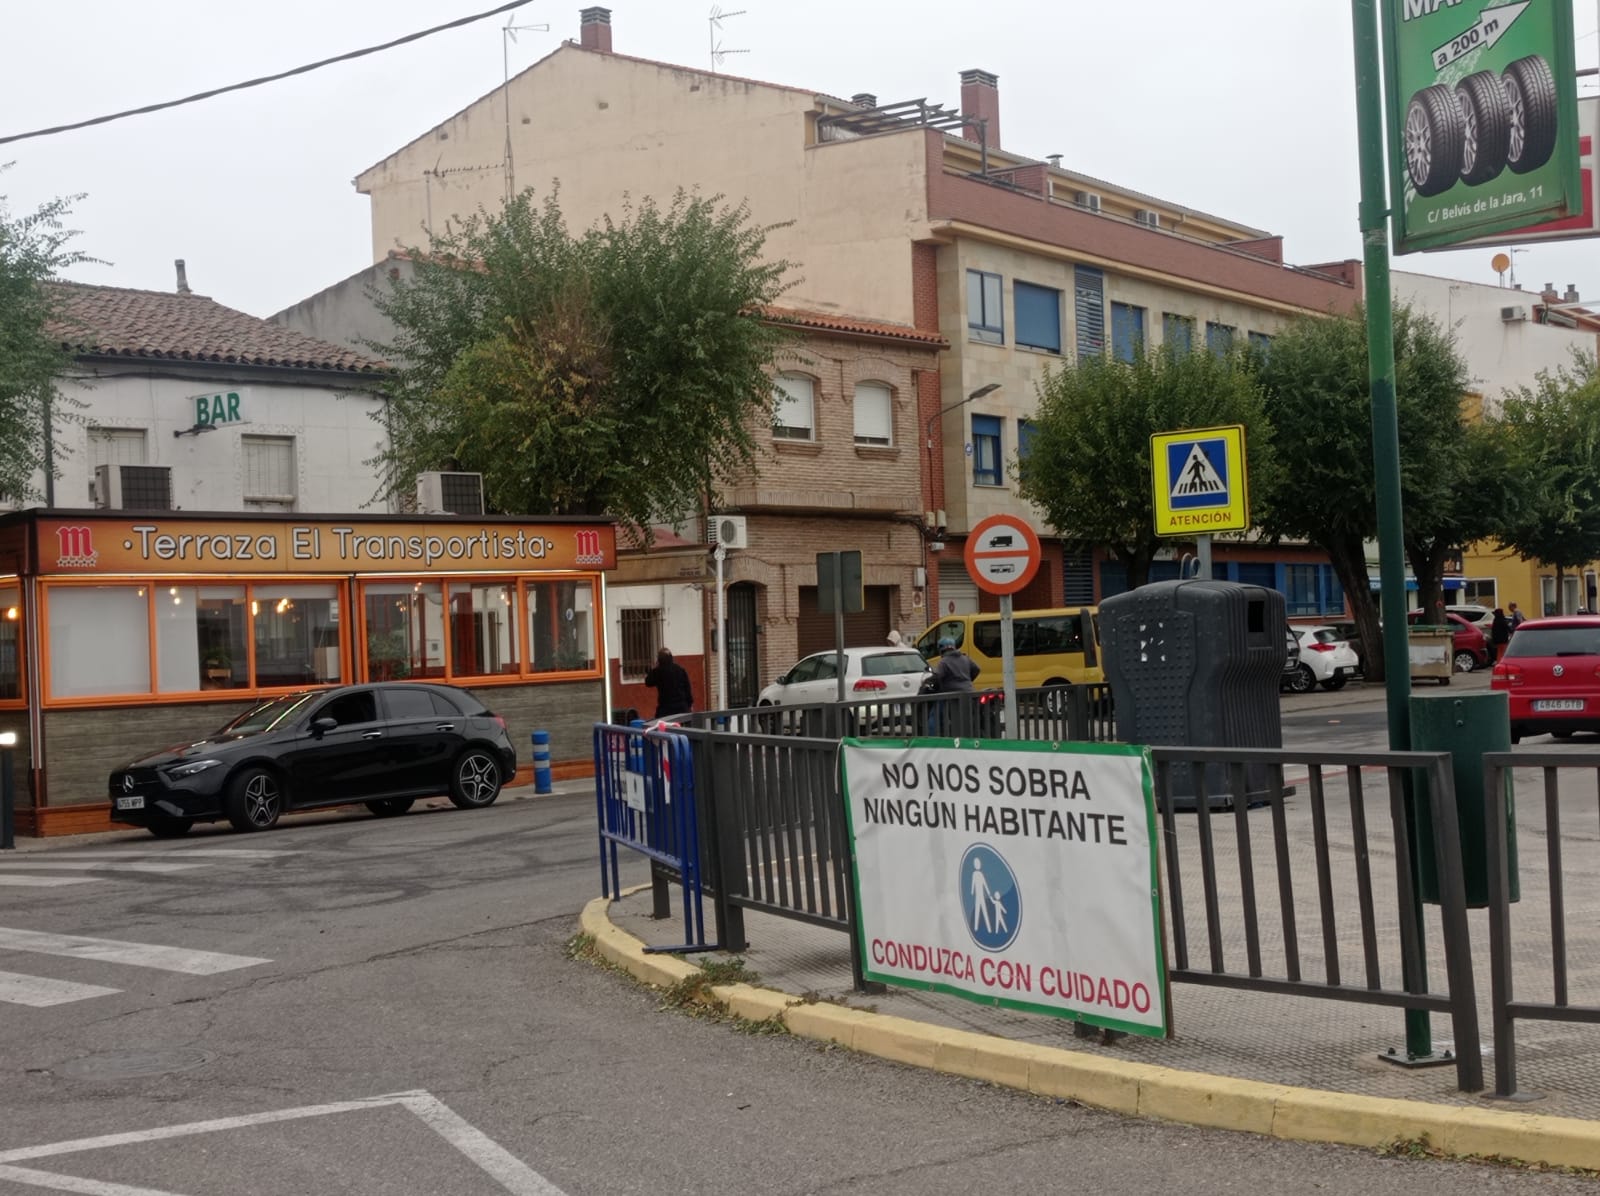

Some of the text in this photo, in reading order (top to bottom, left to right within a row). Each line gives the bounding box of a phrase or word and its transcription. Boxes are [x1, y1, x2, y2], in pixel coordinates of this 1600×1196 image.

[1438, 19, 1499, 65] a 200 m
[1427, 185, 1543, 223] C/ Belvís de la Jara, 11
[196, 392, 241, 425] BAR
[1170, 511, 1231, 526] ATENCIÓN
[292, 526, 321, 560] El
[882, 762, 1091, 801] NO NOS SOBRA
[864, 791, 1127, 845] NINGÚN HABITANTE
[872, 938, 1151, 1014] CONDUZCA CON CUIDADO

::::::

Set all of the records down once more, letter for letter, with the images removed.

Some of the text in this photo, in reading order (top to bottom, left to right within a row). Each line gives the bounding box of a phrase or word and its transcription. Boxes are [x1, y1, x2, y2], in pixel coordinates of this 1600×1196 image.

[1438, 19, 1499, 65] a 200 m
[1427, 185, 1543, 223] C/ Belvís de la Jara, 11
[196, 392, 241, 425] BAR
[1170, 511, 1231, 526] ATENCIÓN
[292, 526, 321, 560] El
[882, 762, 1091, 801] NO NOS SOBRA
[864, 791, 1127, 845] NINGÚN HABITANTE
[872, 938, 1151, 1014] CONDUZCA CON CUIDADO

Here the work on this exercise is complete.